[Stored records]

..........

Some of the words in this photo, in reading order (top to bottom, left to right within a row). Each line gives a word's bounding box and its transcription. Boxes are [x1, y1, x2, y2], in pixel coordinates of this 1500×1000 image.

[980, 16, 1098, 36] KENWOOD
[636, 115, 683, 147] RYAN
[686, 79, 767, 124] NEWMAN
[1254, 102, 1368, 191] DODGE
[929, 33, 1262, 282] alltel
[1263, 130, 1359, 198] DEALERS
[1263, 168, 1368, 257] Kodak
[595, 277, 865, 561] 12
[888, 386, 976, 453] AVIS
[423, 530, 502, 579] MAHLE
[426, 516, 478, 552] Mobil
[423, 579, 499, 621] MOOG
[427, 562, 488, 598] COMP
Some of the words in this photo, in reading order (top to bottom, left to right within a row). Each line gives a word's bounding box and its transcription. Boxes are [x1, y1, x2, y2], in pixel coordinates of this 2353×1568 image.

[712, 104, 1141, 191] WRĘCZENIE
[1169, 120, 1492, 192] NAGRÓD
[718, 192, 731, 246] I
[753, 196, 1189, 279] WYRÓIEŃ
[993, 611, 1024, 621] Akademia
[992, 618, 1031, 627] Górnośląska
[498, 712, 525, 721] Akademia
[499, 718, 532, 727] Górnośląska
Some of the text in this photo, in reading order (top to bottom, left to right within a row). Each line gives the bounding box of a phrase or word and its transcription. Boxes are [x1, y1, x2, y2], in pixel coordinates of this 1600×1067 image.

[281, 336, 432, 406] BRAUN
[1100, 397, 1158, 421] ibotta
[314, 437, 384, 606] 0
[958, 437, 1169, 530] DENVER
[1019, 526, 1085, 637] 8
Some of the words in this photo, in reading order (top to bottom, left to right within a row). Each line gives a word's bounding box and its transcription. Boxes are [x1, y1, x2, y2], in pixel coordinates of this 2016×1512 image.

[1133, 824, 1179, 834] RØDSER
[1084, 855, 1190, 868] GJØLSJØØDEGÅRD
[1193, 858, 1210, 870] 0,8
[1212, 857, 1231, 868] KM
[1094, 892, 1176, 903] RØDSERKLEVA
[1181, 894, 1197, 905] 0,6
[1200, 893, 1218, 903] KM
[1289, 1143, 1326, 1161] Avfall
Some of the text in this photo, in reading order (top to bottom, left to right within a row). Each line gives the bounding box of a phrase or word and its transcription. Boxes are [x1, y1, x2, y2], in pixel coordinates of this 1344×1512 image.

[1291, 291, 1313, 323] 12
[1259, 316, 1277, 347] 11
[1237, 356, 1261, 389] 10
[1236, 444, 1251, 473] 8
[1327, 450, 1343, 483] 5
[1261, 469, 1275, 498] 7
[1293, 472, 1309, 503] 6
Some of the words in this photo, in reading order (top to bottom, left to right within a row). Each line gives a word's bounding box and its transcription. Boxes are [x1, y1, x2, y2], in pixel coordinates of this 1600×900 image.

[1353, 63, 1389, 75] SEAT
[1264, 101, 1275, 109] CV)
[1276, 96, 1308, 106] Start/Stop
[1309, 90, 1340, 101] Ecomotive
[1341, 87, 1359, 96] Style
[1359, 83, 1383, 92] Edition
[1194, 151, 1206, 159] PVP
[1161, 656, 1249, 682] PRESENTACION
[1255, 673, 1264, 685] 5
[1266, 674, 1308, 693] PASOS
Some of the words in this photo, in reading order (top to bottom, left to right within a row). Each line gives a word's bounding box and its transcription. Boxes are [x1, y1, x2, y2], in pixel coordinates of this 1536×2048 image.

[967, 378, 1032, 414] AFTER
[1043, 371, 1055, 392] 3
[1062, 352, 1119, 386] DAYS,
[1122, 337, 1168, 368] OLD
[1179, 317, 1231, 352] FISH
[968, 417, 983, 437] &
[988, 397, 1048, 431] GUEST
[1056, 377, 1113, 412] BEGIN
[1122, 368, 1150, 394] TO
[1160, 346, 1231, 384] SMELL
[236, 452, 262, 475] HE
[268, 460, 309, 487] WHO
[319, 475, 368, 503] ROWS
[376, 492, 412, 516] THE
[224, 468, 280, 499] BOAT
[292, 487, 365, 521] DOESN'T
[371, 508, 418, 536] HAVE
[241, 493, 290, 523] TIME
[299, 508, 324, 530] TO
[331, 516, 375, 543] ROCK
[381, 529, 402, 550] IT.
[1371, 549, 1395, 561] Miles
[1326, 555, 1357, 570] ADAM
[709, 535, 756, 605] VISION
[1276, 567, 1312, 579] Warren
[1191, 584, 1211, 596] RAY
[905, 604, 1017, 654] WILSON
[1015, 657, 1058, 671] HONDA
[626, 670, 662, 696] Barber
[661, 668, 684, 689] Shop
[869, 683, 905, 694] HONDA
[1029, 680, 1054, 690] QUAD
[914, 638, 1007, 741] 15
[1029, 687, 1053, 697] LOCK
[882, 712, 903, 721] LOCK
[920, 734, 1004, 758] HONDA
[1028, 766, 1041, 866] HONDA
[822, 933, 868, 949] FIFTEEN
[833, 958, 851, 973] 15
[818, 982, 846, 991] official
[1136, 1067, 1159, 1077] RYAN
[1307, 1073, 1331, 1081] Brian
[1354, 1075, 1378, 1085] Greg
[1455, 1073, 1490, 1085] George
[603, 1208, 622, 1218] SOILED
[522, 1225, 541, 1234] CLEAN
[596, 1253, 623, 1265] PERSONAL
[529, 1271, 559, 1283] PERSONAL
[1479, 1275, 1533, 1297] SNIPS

..........

- **ASSIGNMENT**:
Your answer should be every entry above, repeated exactly.

- **SOLUTION**:
Some of the words in this photo, in reading order (top to bottom, left to right within a row). Each line gives a word's bounding box and its transcription. Boxes are [x1, y1, x2, y2], in pixel coordinates of this 1500×1000 image.

[980, 16, 1098, 36] KENWOOD
[636, 115, 683, 147] RYAN
[686, 79, 767, 124] NEWMAN
[1254, 102, 1368, 191] DODGE
[929, 33, 1262, 282] alltel
[1263, 130, 1359, 198] DEALERS
[1263, 168, 1368, 257] Kodak
[595, 277, 865, 561] 12
[888, 386, 976, 453] AVIS
[423, 530, 502, 579] MAHLE
[426, 516, 478, 552] Mobil
[423, 579, 499, 621] MOOG
[427, 562, 488, 598] COMP
Some of the words in this photo, in reading order (top to bottom, left to right within a row). Each line gives a word's bounding box and its transcription. Boxes are [x1, y1, x2, y2], in pixel coordinates of this 2353×1568 image.

[712, 104, 1141, 191] WRĘCZENIE
[1169, 120, 1492, 192] NAGRÓD
[718, 192, 731, 246] I
[753, 196, 1189, 279] WYRÓIEŃ
[993, 611, 1024, 621] Akademia
[992, 618, 1031, 627] Górnośląska
[498, 712, 525, 721] Akademia
[499, 718, 532, 727] Górnośląska
Some of the text in this photo, in reading order (top to bottom, left to right within a row). Each line gives the bounding box of a phrase or word and its transcription. Boxes are [x1, y1, x2, y2], in pixel coordinates of this 1600×1067 image.

[281, 336, 432, 406] BRAUN
[1100, 397, 1158, 421] ibotta
[314, 437, 384, 606] 0
[958, 437, 1169, 530] DENVER
[1019, 526, 1085, 637] 8
Some of the words in this photo, in reading order (top to bottom, left to right within a row). Each line gives a word's bounding box and its transcription. Boxes are [x1, y1, x2, y2], in pixel coordinates of this 2016×1512 image.

[1133, 824, 1179, 834] RØDSER
[1084, 855, 1190, 868] GJØLSJØØDEGÅRD
[1193, 858, 1210, 870] 0,8
[1212, 857, 1231, 868] KM
[1094, 892, 1176, 903] RØDSERKLEVA
[1181, 894, 1197, 905] 0,6
[1200, 893, 1218, 903] KM
[1289, 1143, 1326, 1161] Avfall
Some of the text in this photo, in reading order (top to bottom, left to right within a row). Each line gives the bounding box of a phrase or word and its transcription. Boxes are [x1, y1, x2, y2], in pixel coordinates of this 1344×1512 image.

[1291, 291, 1313, 323] 12
[1259, 316, 1277, 347] 11
[1237, 356, 1261, 389] 10
[1236, 444, 1251, 473] 8
[1327, 450, 1343, 483] 5
[1261, 469, 1275, 498] 7
[1293, 472, 1309, 503] 6
Some of the words in this photo, in reading order (top to bottom, left to right within a row). Each line gives a word's bounding box and its transcription. Boxes are [x1, y1, x2, y2], in pixel coordinates of this 1600×900 image.

[1353, 63, 1389, 75] SEAT
[1264, 101, 1275, 109] CV)
[1276, 96, 1308, 106] Start/Stop
[1309, 90, 1340, 101] Ecomotive
[1341, 87, 1359, 96] Style
[1359, 83, 1383, 92] Edition
[1194, 151, 1206, 159] PVP
[1161, 656, 1249, 682] PRESENTACION
[1255, 673, 1264, 685] 5
[1266, 674, 1308, 693] PASOS
Some of the words in this photo, in reading order (top to bottom, left to right within a row). Each line gives a word's bounding box and its transcription. Boxes are [x1, y1, x2, y2], in pixel coordinates of this 1536×2048 image.

[967, 378, 1032, 414] AFTER
[1043, 371, 1055, 392] 3
[1062, 352, 1119, 386] DAYS,
[1122, 337, 1168, 368] OLD
[1179, 317, 1231, 352] FISH
[968, 417, 983, 437] &
[988, 397, 1048, 431] GUEST
[1056, 377, 1113, 412] BEGIN
[1122, 368, 1150, 394] TO
[1160, 346, 1231, 384] SMELL
[236, 452, 262, 475] HE
[268, 460, 309, 487] WHO
[319, 475, 368, 503] ROWS
[376, 492, 412, 516] THE
[224, 468, 280, 499] BOAT
[292, 487, 365, 521] DOESN'T
[371, 508, 418, 536] HAVE
[241, 493, 290, 523] TIME
[299, 508, 324, 530] TO
[331, 516, 375, 543] ROCK
[381, 529, 402, 550] IT.
[1371, 549, 1395, 561] Miles
[1326, 555, 1357, 570] ADAM
[709, 535, 756, 605] VISION
[1276, 567, 1312, 579] Warren
[1191, 584, 1211, 596] RAY
[905, 604, 1017, 654] WILSON
[1015, 657, 1058, 671] HONDA
[626, 670, 662, 696] Barber
[661, 668, 684, 689] Shop
[869, 683, 905, 694] HONDA
[1029, 680, 1054, 690] QUAD
[914, 638, 1007, 741] 15
[1029, 687, 1053, 697] LOCK
[882, 712, 903, 721] LOCK
[920, 734, 1004, 758] HONDA
[1028, 766, 1041, 866] HONDA
[822, 933, 868, 949] FIFTEEN
[833, 958, 851, 973] 15
[818, 982, 846, 991] official
[1136, 1067, 1159, 1077] RYAN
[1307, 1073, 1331, 1081] Brian
[1354, 1075, 1378, 1085] Greg
[1455, 1073, 1490, 1085] George
[603, 1208, 622, 1218] SOILED
[522, 1225, 541, 1234] CLEAN
[596, 1253, 623, 1265] PERSONAL
[529, 1271, 559, 1283] PERSONAL
[1479, 1275, 1533, 1297] SNIPS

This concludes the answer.